Iconic New Zealand artist Dick Frizzell grew up as one of six kids, in a small town, where there was only room for one arty one, as he puts it.
His "staunch engineer" father wasn't into the idea of his creative future, but his mum had his back.
"I was kind of a follower more than anything else, because I had my own private world all to myself that no one could enter," 82-year-old Frizzell explains.
Frizzell, MNZM, has become one of NZ's best known painters. Many know his pop art from framed prints, T-shirts, album covers, T-shirts and tea towels but he does much more, including landscapes.
He remembers the Alec Guinness film The Horse's Mouth, in which Guinness plays an artist, as a lightbulb moment.

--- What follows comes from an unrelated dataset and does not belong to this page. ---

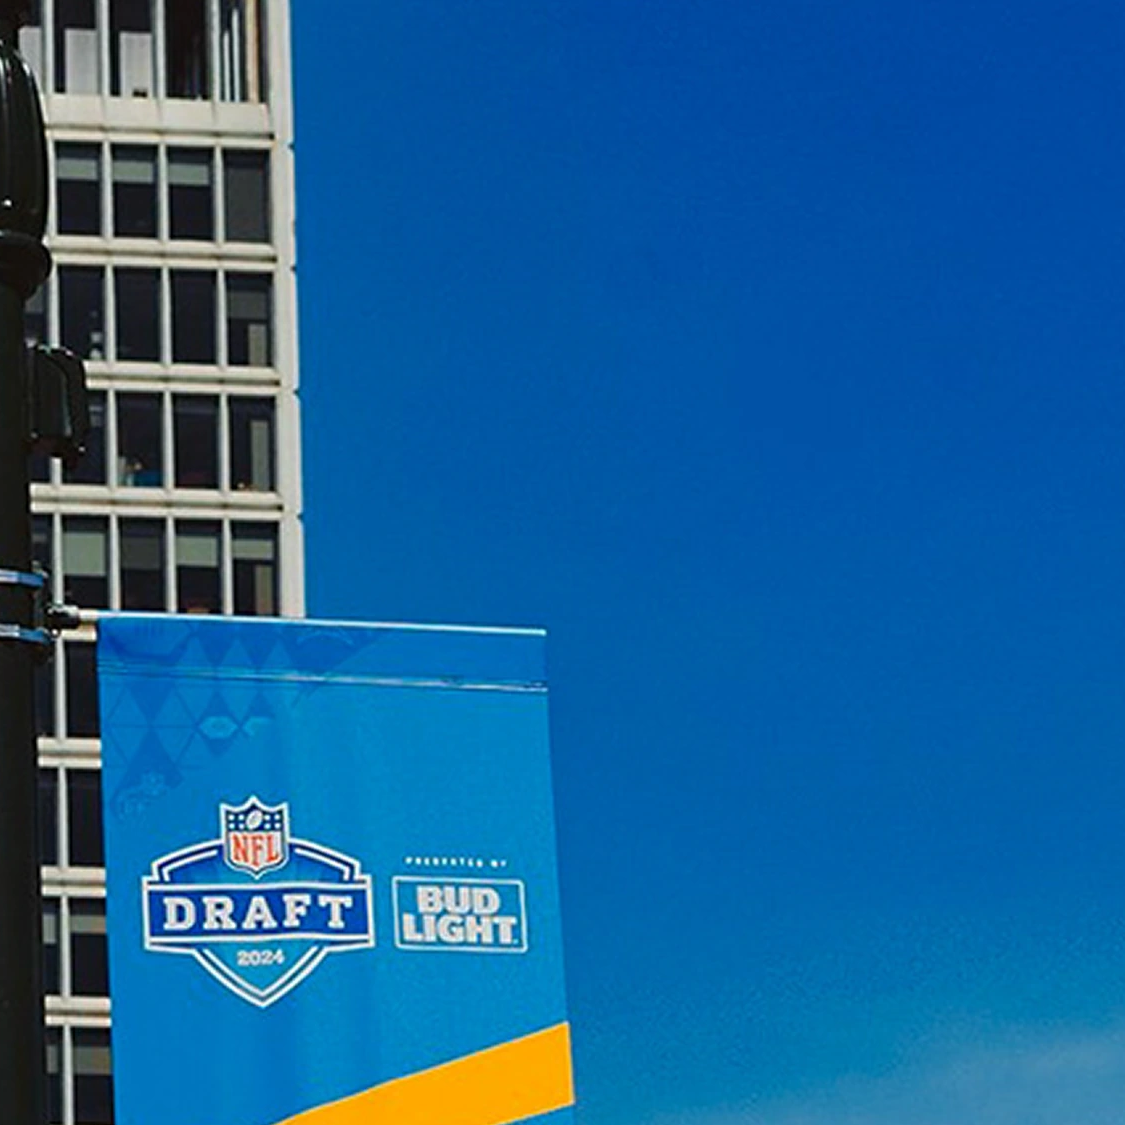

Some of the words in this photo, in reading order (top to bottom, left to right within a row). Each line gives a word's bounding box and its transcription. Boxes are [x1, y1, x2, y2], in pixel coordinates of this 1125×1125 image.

"I'm sitting in a row with all my schoolmates watching this movie, and they're all really mystified or bored or whatever, and I'm 100 percent glued. I'm sitting there saying, 'that's me, that's me'.
"I had it pictured, I had the whole thing visualised, I was going to be a famous artist. I just thought there was no doubt about it, because I assumed that all artists were famous, because the only people you ever heard of were famous artists. So, by definition, I thought that came with the territory."
The painter and printmaker who now lives in Auckland, captured some of his earliest memories in his new memoir Hastings: A Boy's Own Adventure, which he described as a love letter to Kiwi small towns in the 1950s and '60s.